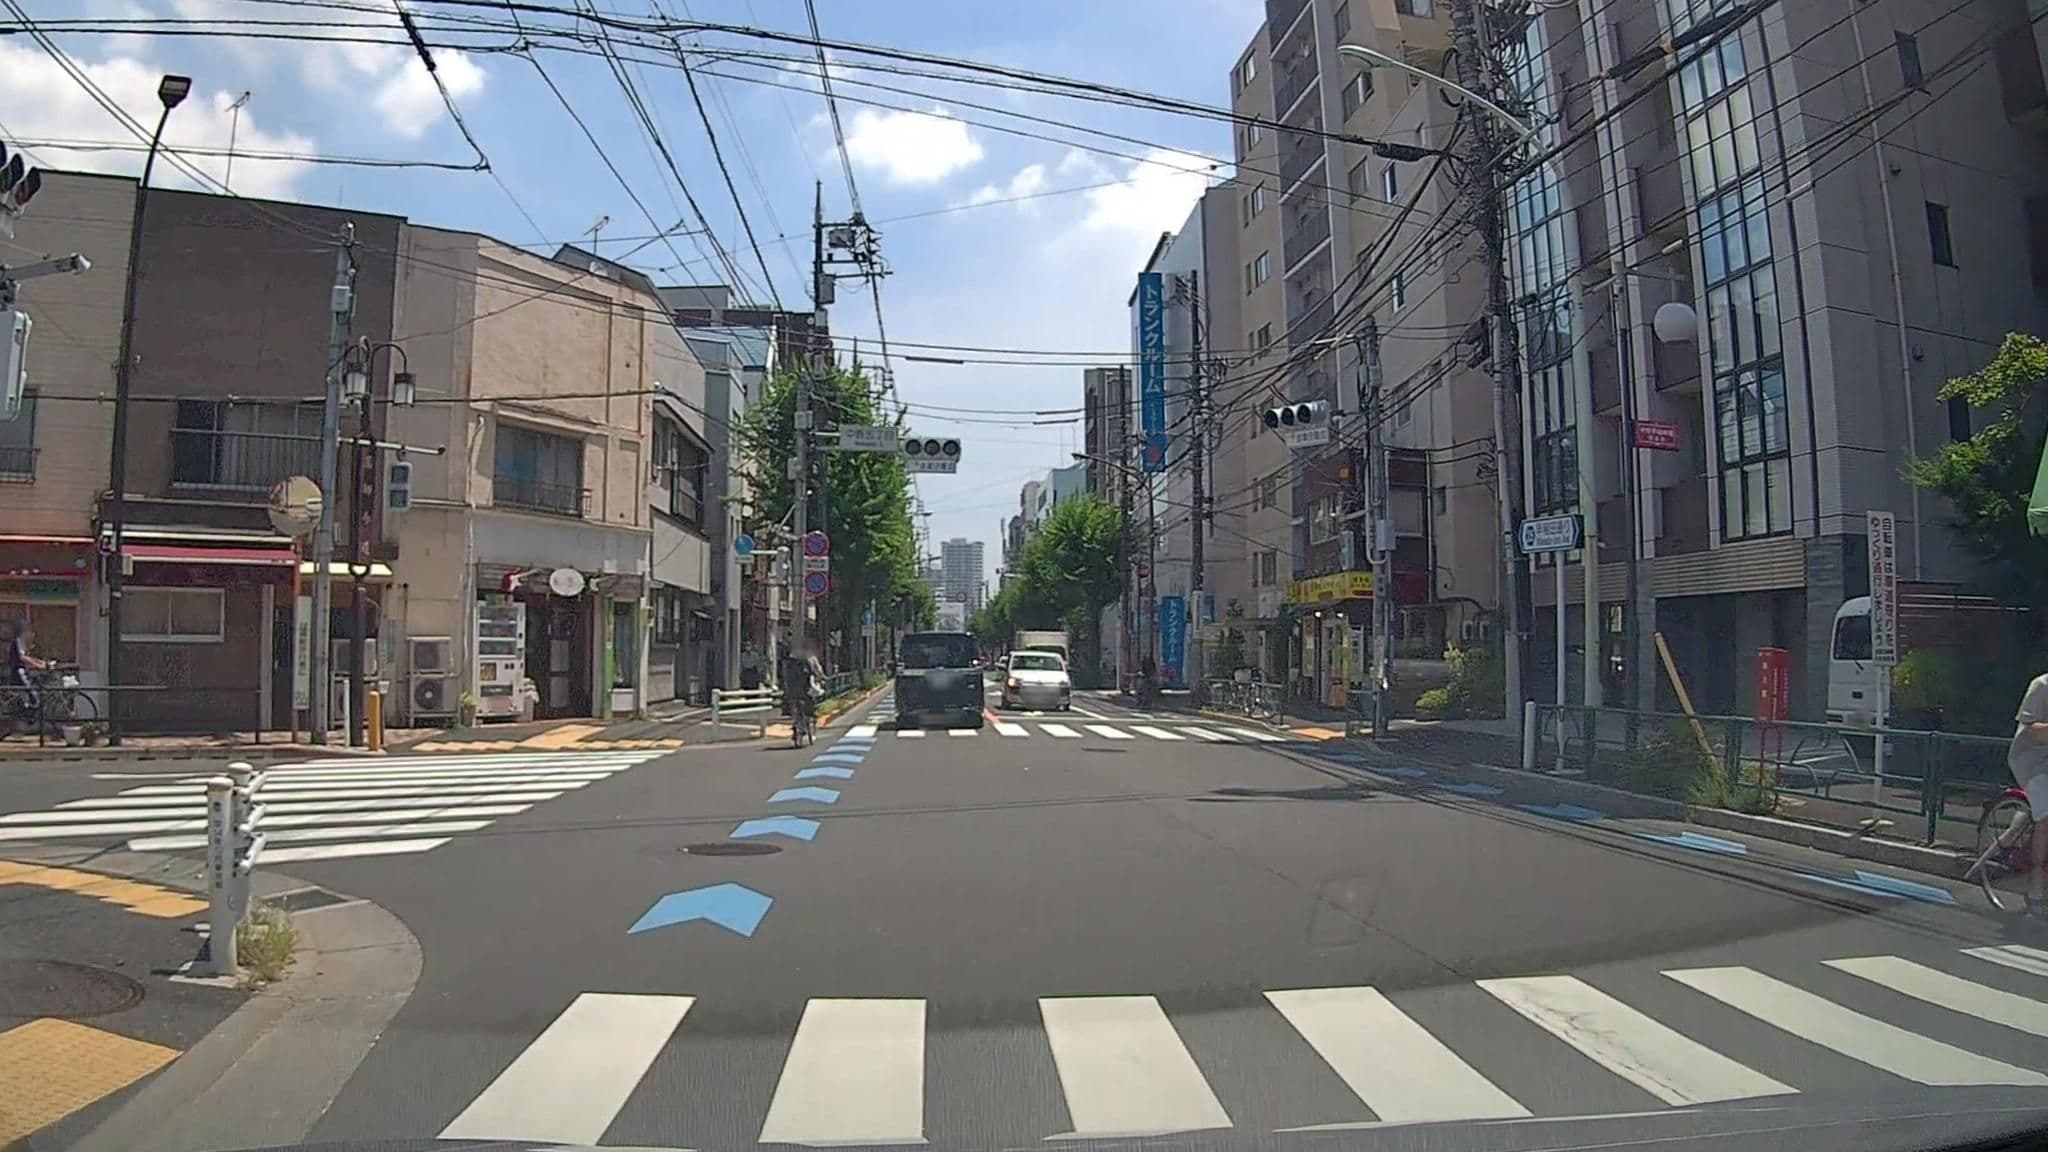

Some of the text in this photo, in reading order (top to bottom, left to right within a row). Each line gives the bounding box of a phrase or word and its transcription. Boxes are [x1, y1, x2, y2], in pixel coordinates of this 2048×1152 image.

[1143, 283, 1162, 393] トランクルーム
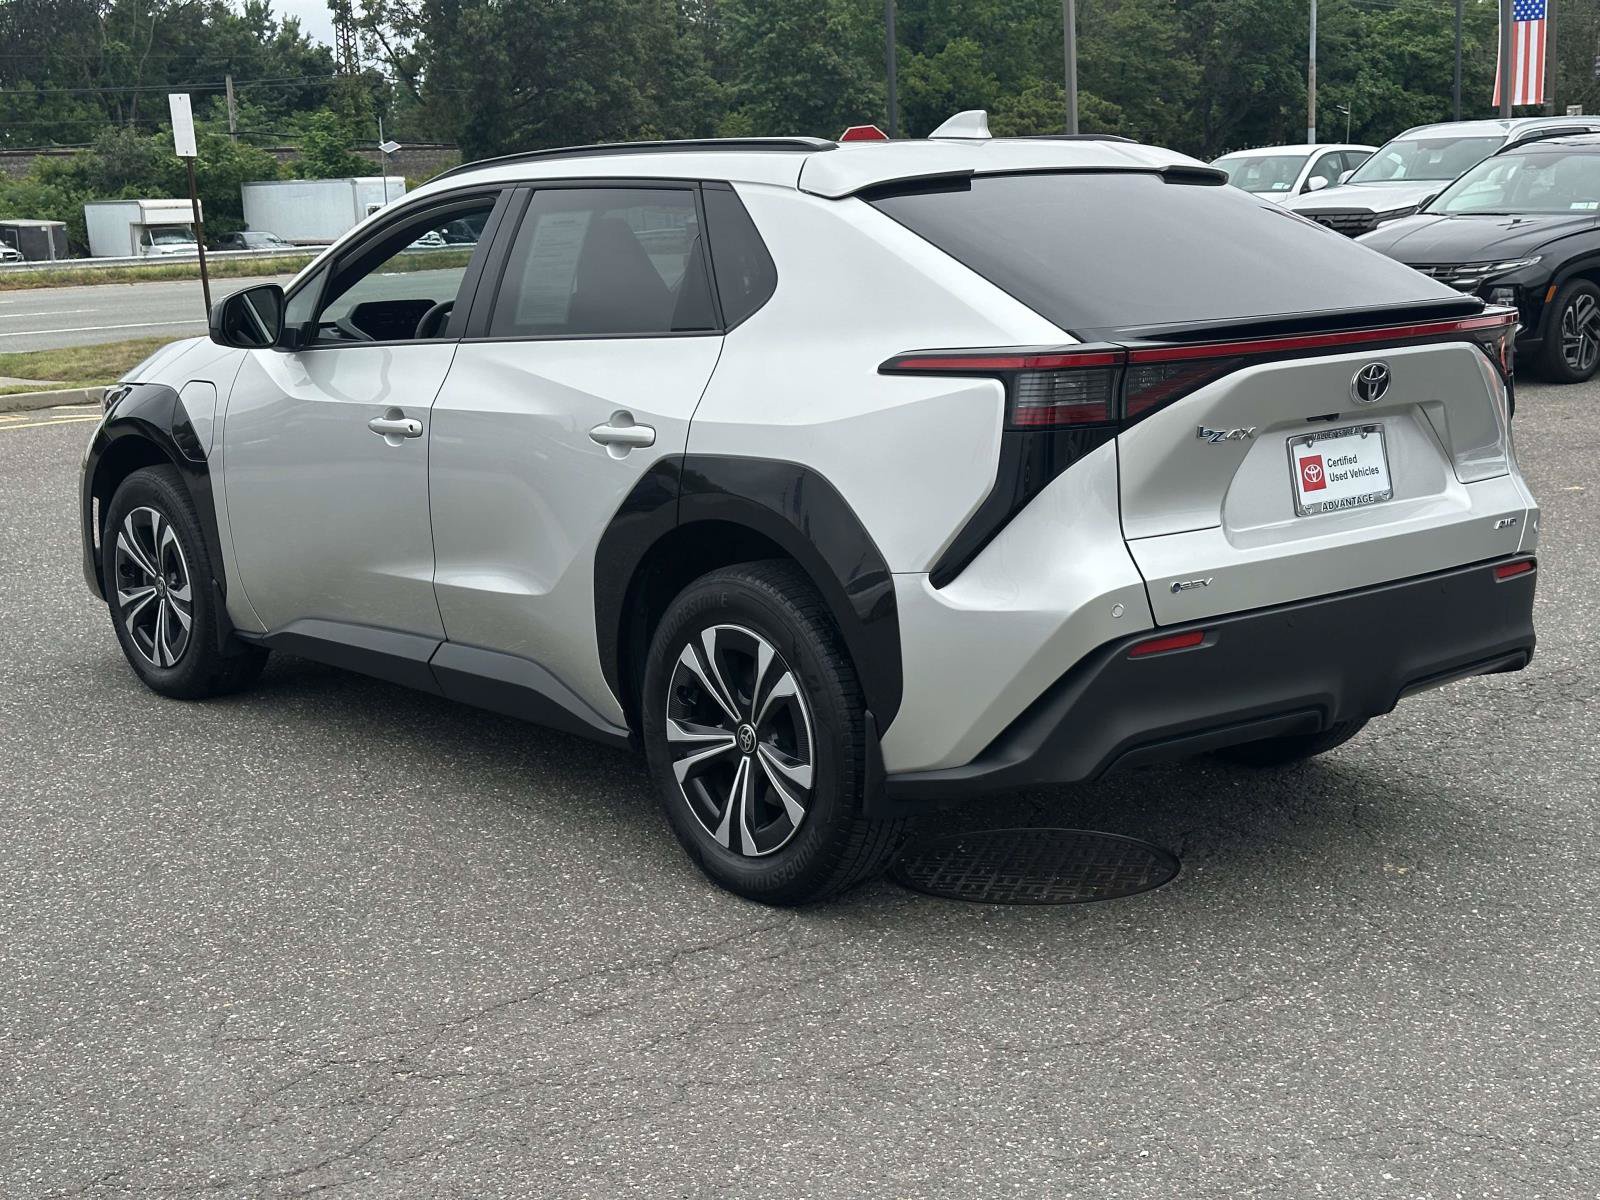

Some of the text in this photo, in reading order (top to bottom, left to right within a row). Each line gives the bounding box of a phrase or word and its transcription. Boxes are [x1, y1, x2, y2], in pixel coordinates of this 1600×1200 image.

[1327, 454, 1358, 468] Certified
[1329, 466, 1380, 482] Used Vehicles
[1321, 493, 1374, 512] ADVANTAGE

# # # # # # #

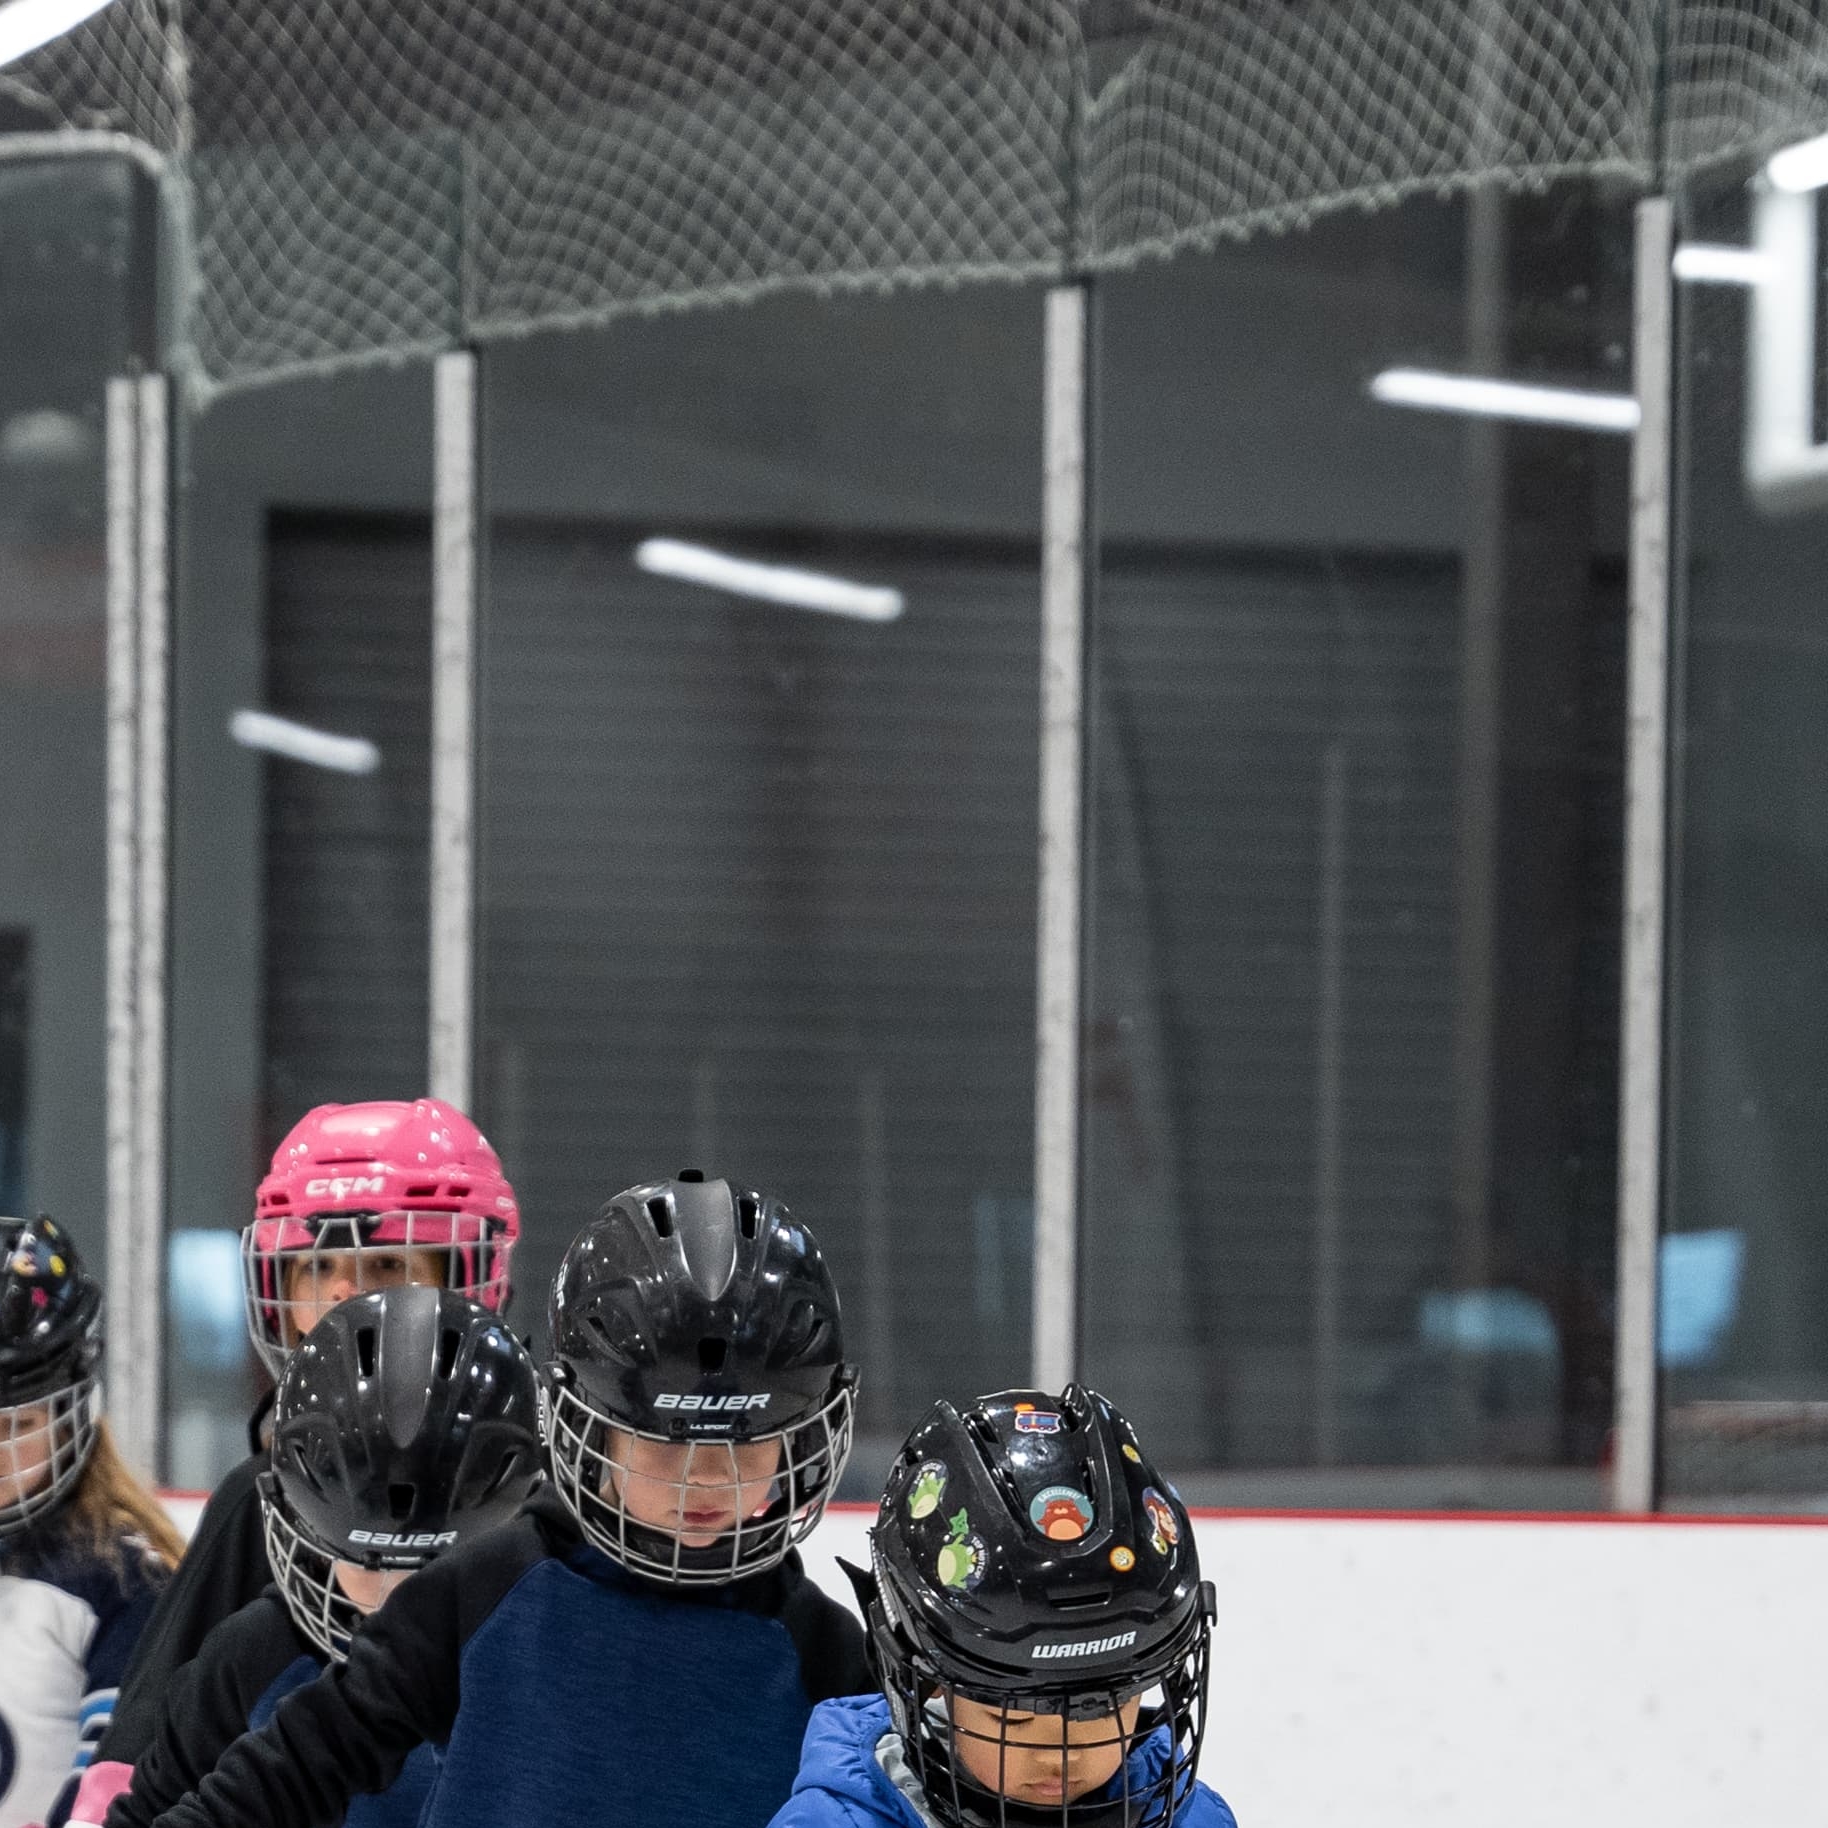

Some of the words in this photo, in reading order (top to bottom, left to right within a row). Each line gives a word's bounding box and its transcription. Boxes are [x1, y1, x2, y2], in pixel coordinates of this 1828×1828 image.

# # # # # # #

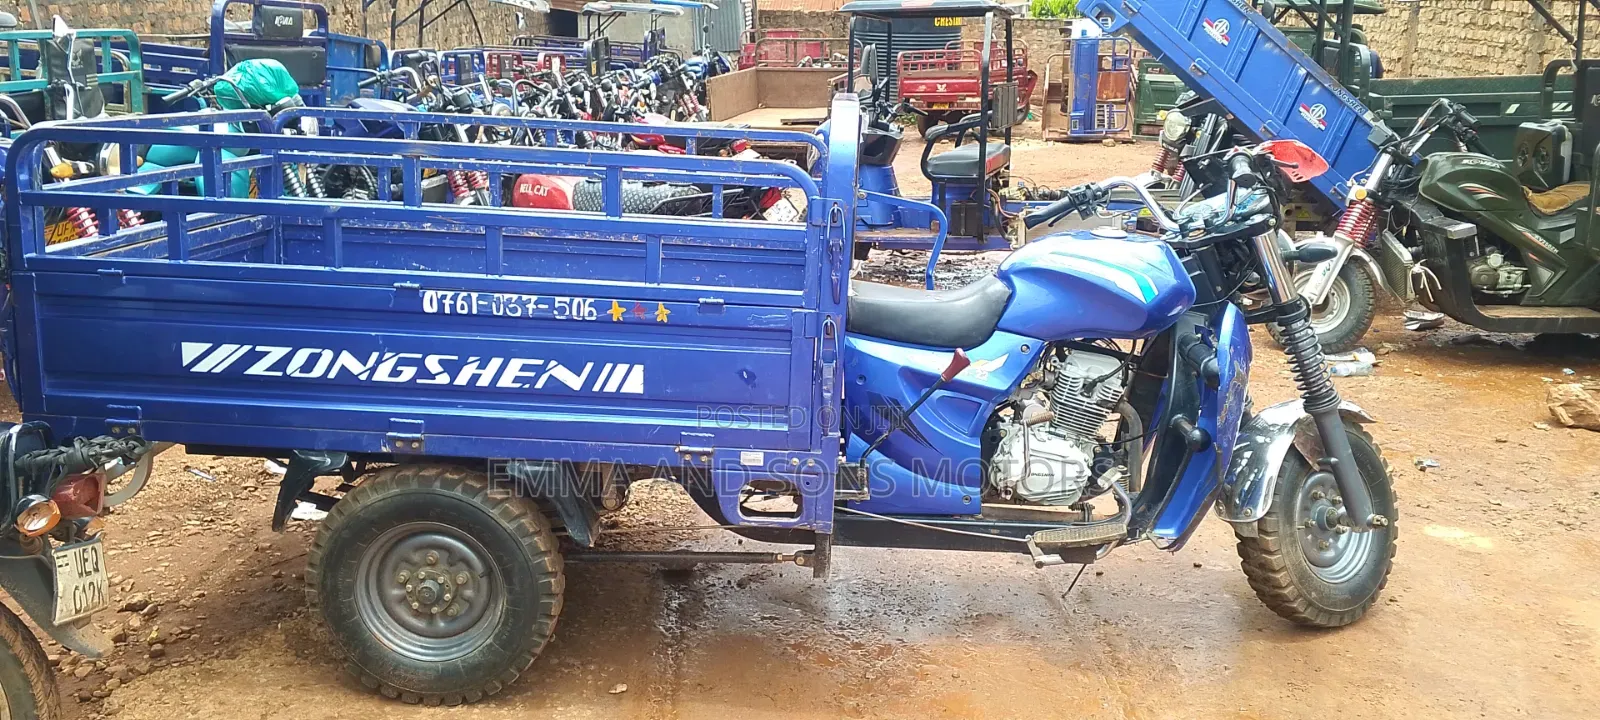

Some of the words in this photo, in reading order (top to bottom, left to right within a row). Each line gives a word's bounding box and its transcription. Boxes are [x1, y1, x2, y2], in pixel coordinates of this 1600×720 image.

# # # # # # #

EXERCISE INSTRUCTIONS – Pick each line holding the word "words" out of the data and copy it.

TASK RESULT –
Some of the words in this photo, in reading order (top to bottom, left to right within a row). Each line gives a word's bounding box and its transcription. Boxes are [x1, y1, x2, y2], in pixel coordinates of this 1828×1828 image.
Some of the words in this photo, in reading order (top to bottom, left to right within a row). Each line gives a word's bounding box and its transcription. Boxes are [x1, y1, x2, y2], in pixel coordinates of this 1600×720 image.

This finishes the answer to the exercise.